Here, we take the opportunity to make a side-by-side comparison of the two technologies:
It’s unclear if ConnectR is programmable; however, iRobot has an established development platform called “Create” and it seems very reasonable to expect that they would soon introduce a client-side development environment that could enable ConnectR to be opened up to application developers looking to build on that platform.
It’s easy to envision a Web 2.0 UI that sits on somebody’s MySpace or Facebook page that invites visitors to jump into Spykee and have an immersive conversation with the owner of the page. Spykee is built on the Open Source Skype technology which suggests that a documented controller API is just around the corner. I suspect there are discrete commands that are IM’ed to and from Spykee by the controller UI which should make it relatively easy to hack. What’d I’d really like to see is a sanctioned document maintained by Meccano that describes this method. Until then, I can’t declare Spykee programmable.
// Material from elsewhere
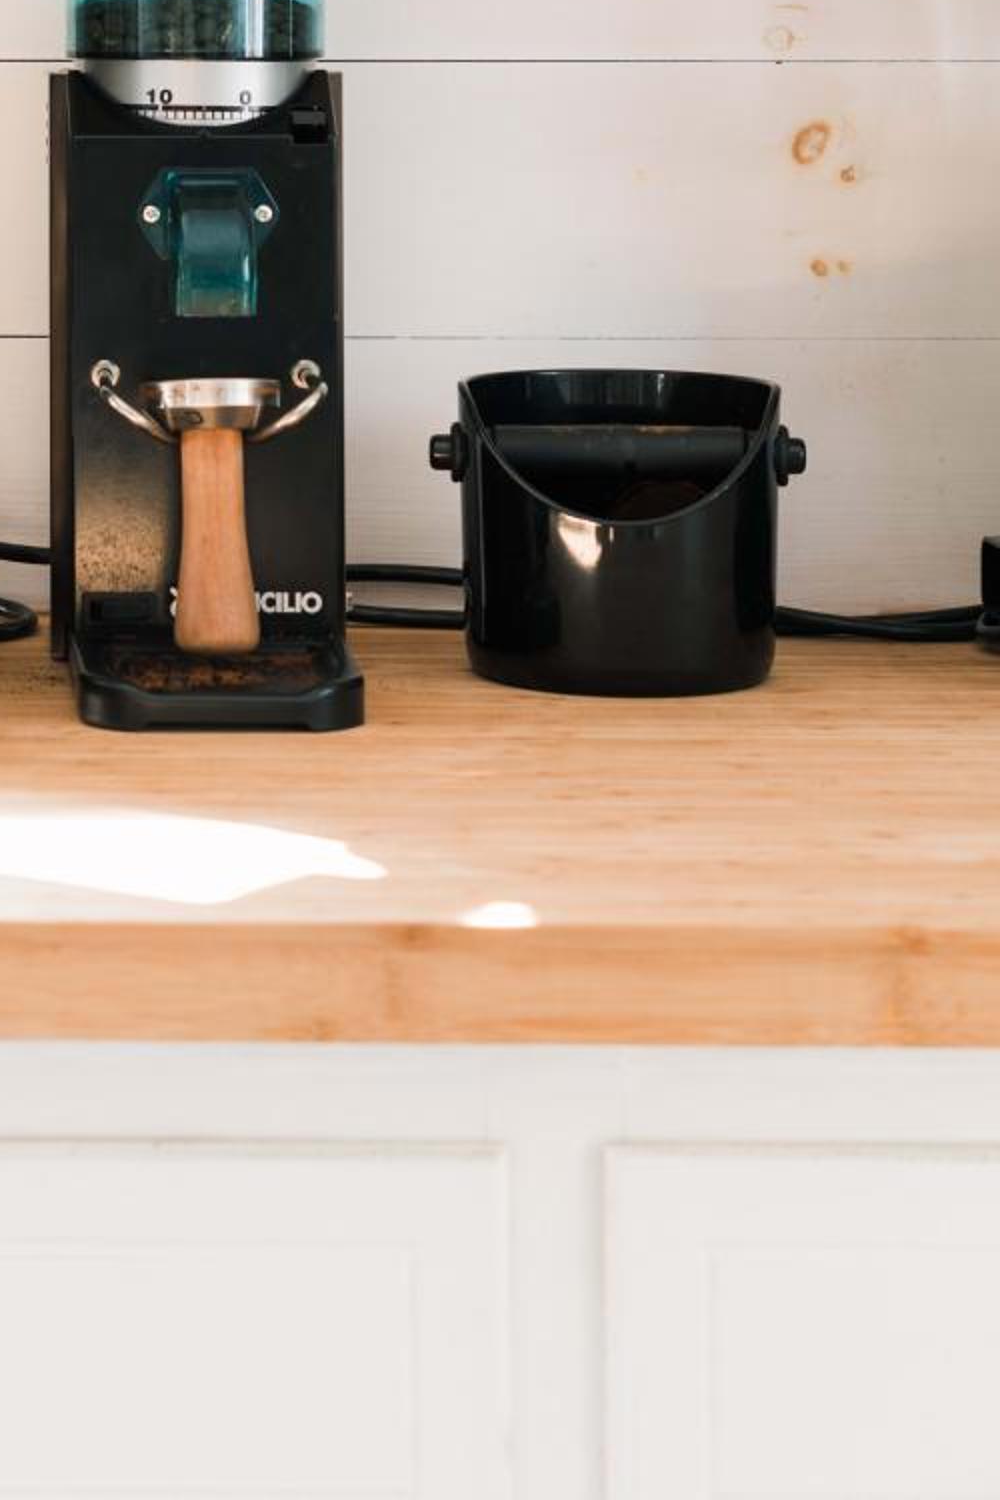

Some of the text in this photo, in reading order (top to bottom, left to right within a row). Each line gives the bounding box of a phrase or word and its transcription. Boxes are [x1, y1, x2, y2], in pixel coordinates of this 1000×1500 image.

Both robots have a place in the market. The adults that are targeted for the ConnectR trust the iRobot brand and the company’s experience in robotics. It’s an investment akin to a businessperson buying an IBM PC as opposed to an Apple in the early 80’s.
In spite of Meccano’s new push to sell Spykee to adults, kids will buy it. Parents will buy it for them. And the kids will play with their Spykee. He looks cool and Meccano has substantial experience in building durable toys that can take the torture that young children can dish out.
The fact that both companies came up with such similar ideas is a validation of the demand they perceive exists in the market. Ultimately, this fact and the release of these products has progressed human-robot interaction one more step.